The film swings like a pendulum between an urge to play at integrity and a desire for the forbidden, between repression and shamelessness. Even the film’s name, which is a clever antonym to its central plot device and an anagram for “jealousy” in Russian, speaks to that fluctuation. In this sense, Fidelity is a very Russian film whose roots reach back to Dostoyevsky’s sinful, unpredictable heroines and Tolstoy’s Anna Karenina while drawing simultaneously on memorable European dramatists like Clouzot, Malle, Chéreau, and particularly Bergman, a virtuoso of this subject matter. The fact that the action of the film is set in the coastal borderland of Kaliningrad is no coincidence. It’s curious that even if you start digging on a global scale, there are very few films to be found that describe a woman’s infidelity from a woman’s point of view (but one of the best is Jane Campion’s The Piano, which earned her the only Palme d’Or yet awarded to a female director).

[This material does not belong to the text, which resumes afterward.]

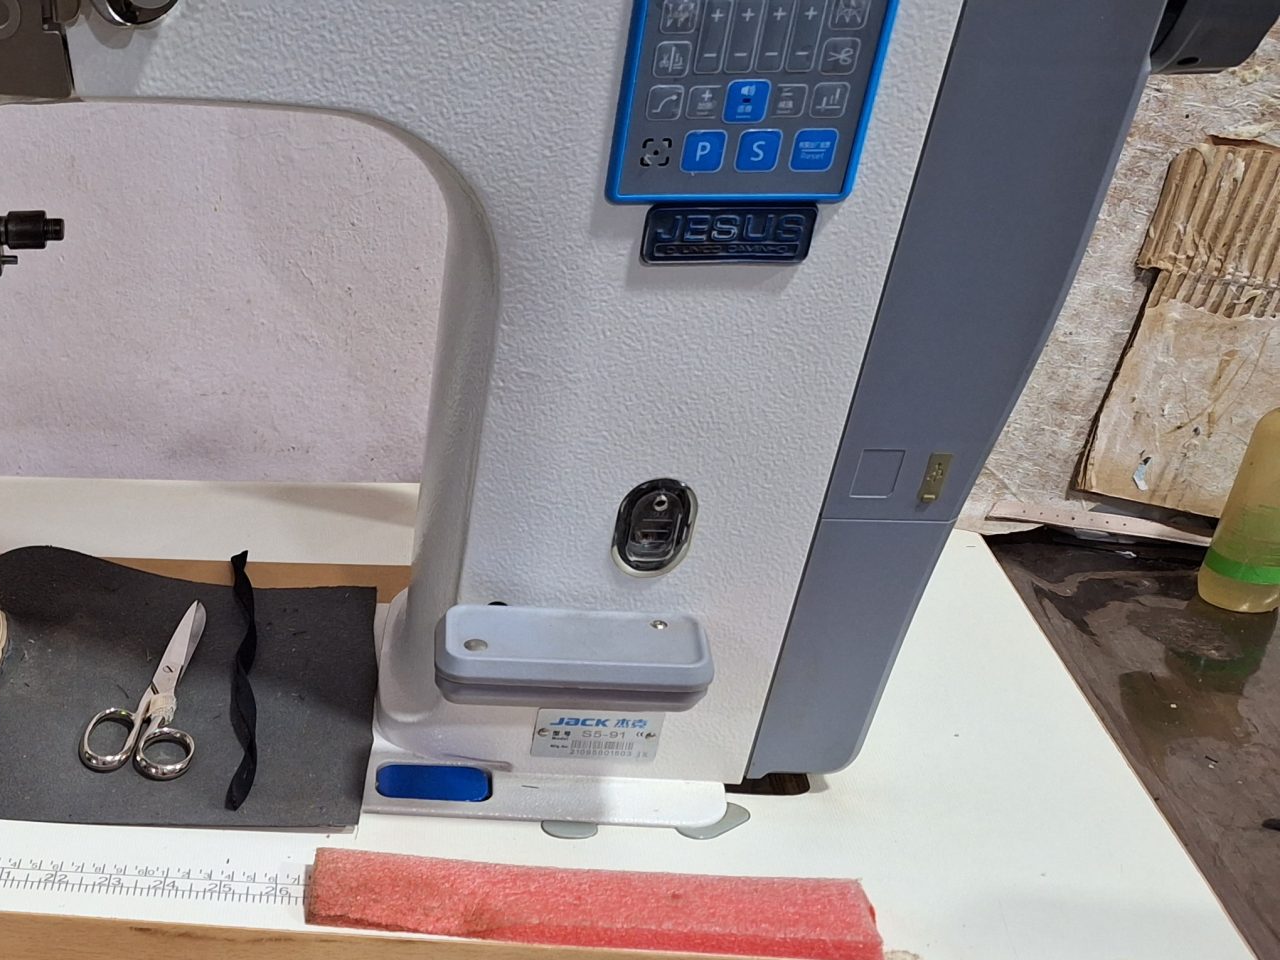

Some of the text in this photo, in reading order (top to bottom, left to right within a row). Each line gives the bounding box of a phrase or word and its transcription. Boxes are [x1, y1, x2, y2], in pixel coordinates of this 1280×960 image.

[696, 142, 711, 162] P
[750, 141, 766, 161] S
[655, 214, 805, 242] JESUS
[581, 730, 625, 738] S5-91

Fidelity blames no one and justifies no one. It neither stigmatizes nor glorifies. There is no place here for either moralism or amorality, but the film also cannot be called an anthropological investigation of spousal betrayal. Its creators observe with sympathy and surprise the way many of us unwittingly live lives that are not our own until some happy or unhappy stroke of chance allows us to look in the mirror as though for the very first time. Speaking of which, the film is full of reflections much like Bergman’s or Lynch’s or Kubrick’s or those of many other honest, sensitive artists.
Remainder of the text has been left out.